§ Work to complete:
Extract every record, exactly as written, and ignore the pictures.

§ Provided material:
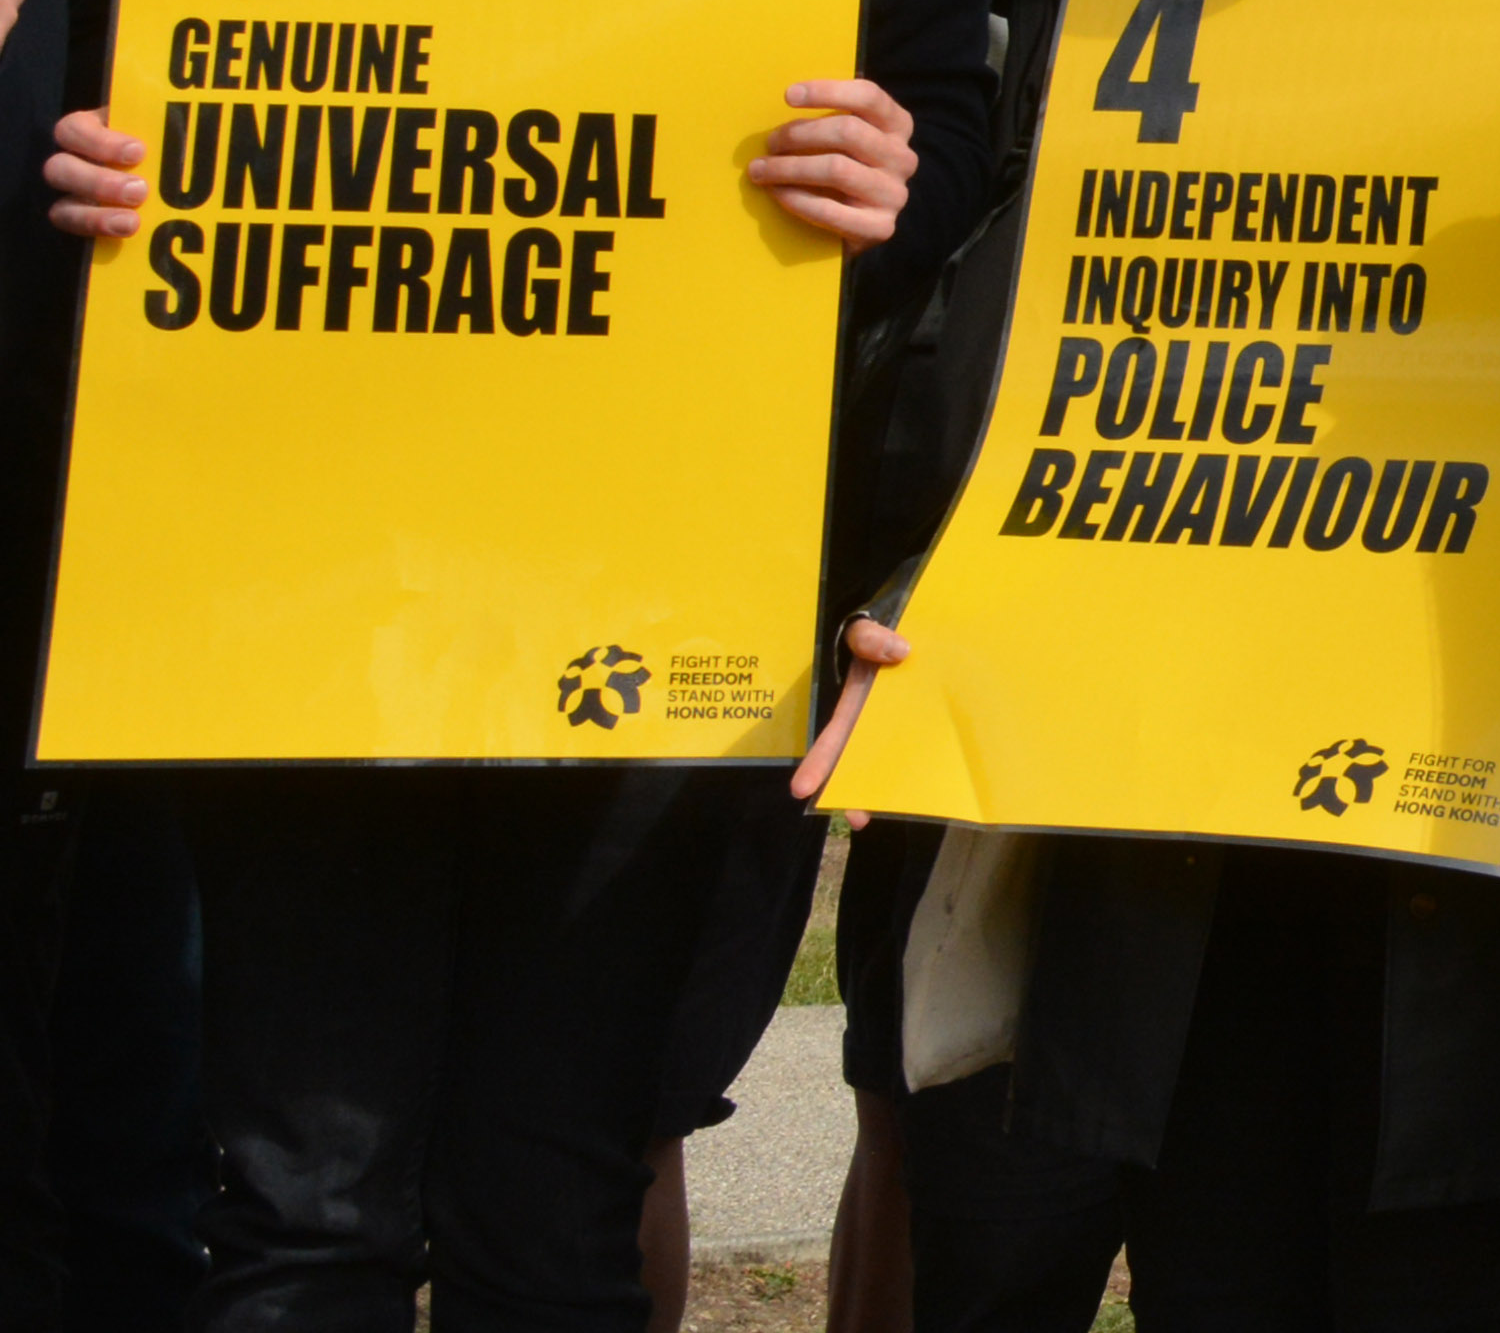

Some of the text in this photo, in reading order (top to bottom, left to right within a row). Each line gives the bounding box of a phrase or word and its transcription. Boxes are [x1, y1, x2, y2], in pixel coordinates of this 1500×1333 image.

[169, 17, 433, 95] GENUINE
[157, 102, 666, 219] UNIVERSAL
[1075, 169, 1438, 246] INDEPENDENT
[144, 220, 615, 336] SUFFRAGE
[1062, 255, 1427, 336] INQUIRY INTO
[1038, 337, 1332, 445] POLICE
[998, 448, 1490, 555] BEHAVIOUR
[671, 656, 759, 668] FIGHT FOR
[669, 673, 752, 685] FREEDOM
[668, 690, 774, 702] STAND WITH
[666, 707, 772, 719] HONG KONG
[1409, 752, 1496, 773] FIGHT FOR
[1404, 768, 1487, 789] FREEDOM
[1399, 784, 1456, 802] STAND
[1394, 800, 1499, 826] HONG KONG
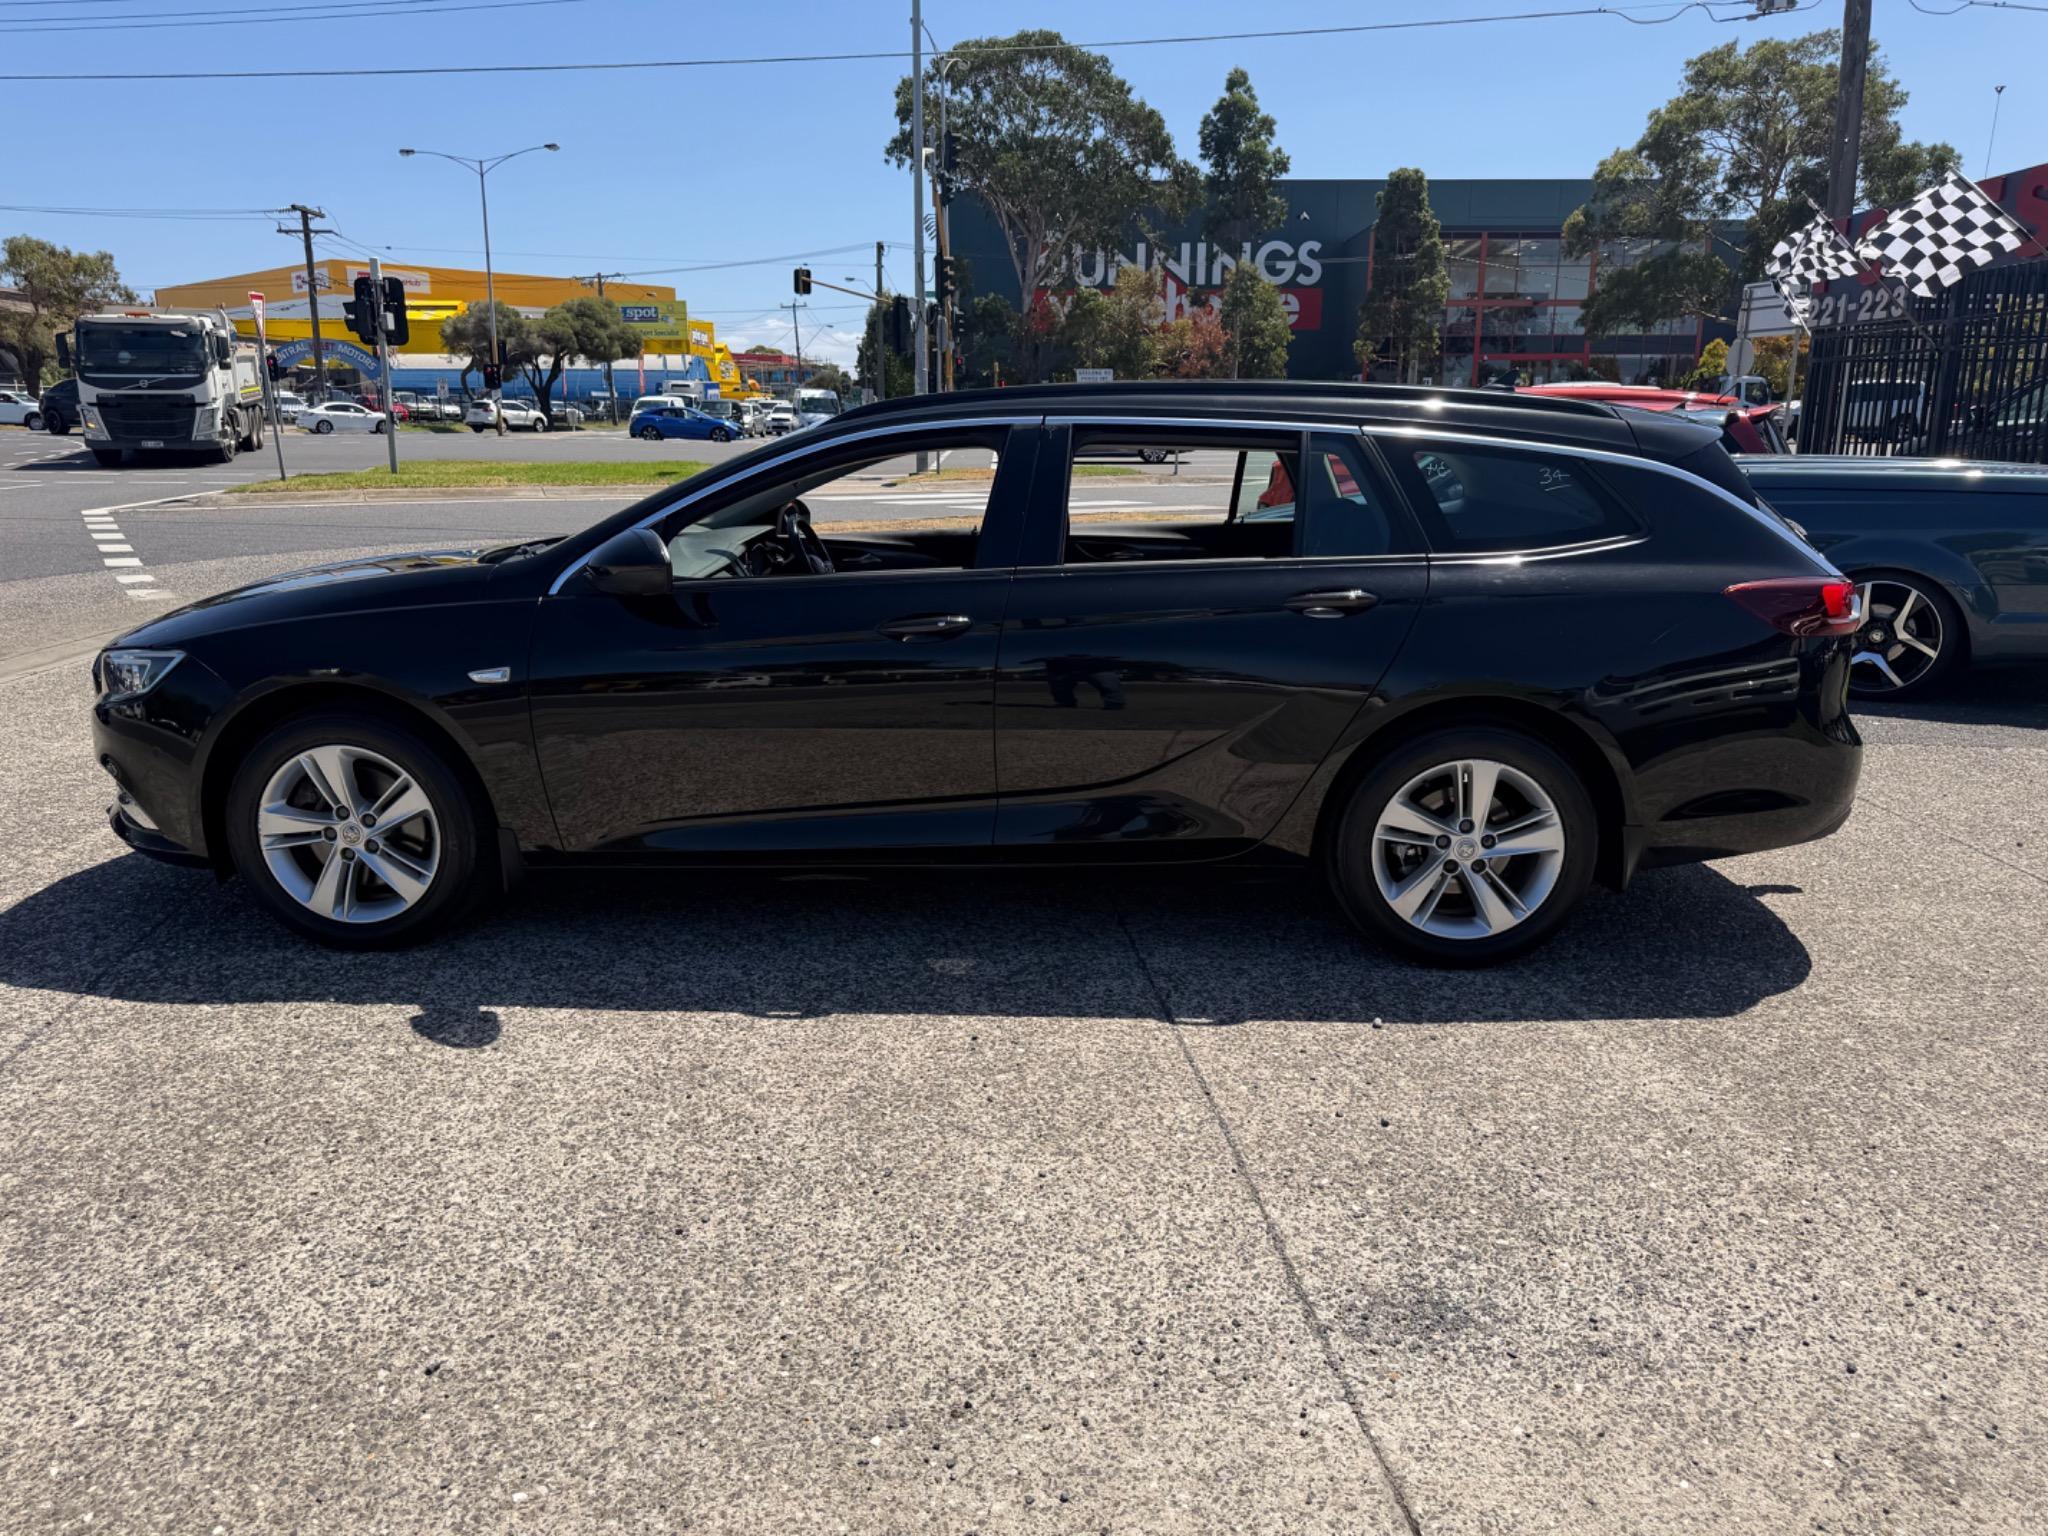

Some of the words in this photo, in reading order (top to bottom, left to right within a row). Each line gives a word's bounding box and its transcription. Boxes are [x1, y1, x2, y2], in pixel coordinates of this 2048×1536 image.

[625, 306, 657, 320] spot
[1807, 285, 1906, 327] 221-223
[337, 344, 377, 370] MOTORS

§ Task response:
Some of the text in this photo, in reading order (top to bottom, left to right within a row). Each line gives the bounding box of a phrase or word and its transcription. Boxes are [x1, y1, x2, y2], in pixel coordinates of this 1500×1333 image.

[169, 17, 433, 95] GENUINE
[157, 102, 666, 219] UNIVERSAL
[1075, 169, 1438, 246] INDEPENDENT
[144, 220, 615, 336] SUFFRAGE
[1062, 255, 1427, 336] INQUIRY INTO
[1038, 337, 1332, 445] POLICE
[998, 448, 1490, 555] BEHAVIOUR
[671, 656, 759, 668] FIGHT FOR
[669, 673, 752, 685] FREEDOM
[668, 690, 774, 702] STAND WITH
[666, 707, 772, 719] HONG KONG
[1409, 752, 1496, 773] FIGHT FOR
[1404, 768, 1487, 789] FREEDOM
[1399, 784, 1456, 802] STAND
[1394, 800, 1499, 826] HONG KONG

Some of the words in this photo, in reading order (top to bottom, left to right within a row). Each line gives a word's bounding box and its transcription. Boxes are [x1, y1, x2, y2], in pixel coordinates of this 2048×1536 image.

[625, 306, 657, 320] spot
[1807, 285, 1906, 327] 221-223
[337, 344, 377, 370] MOTORS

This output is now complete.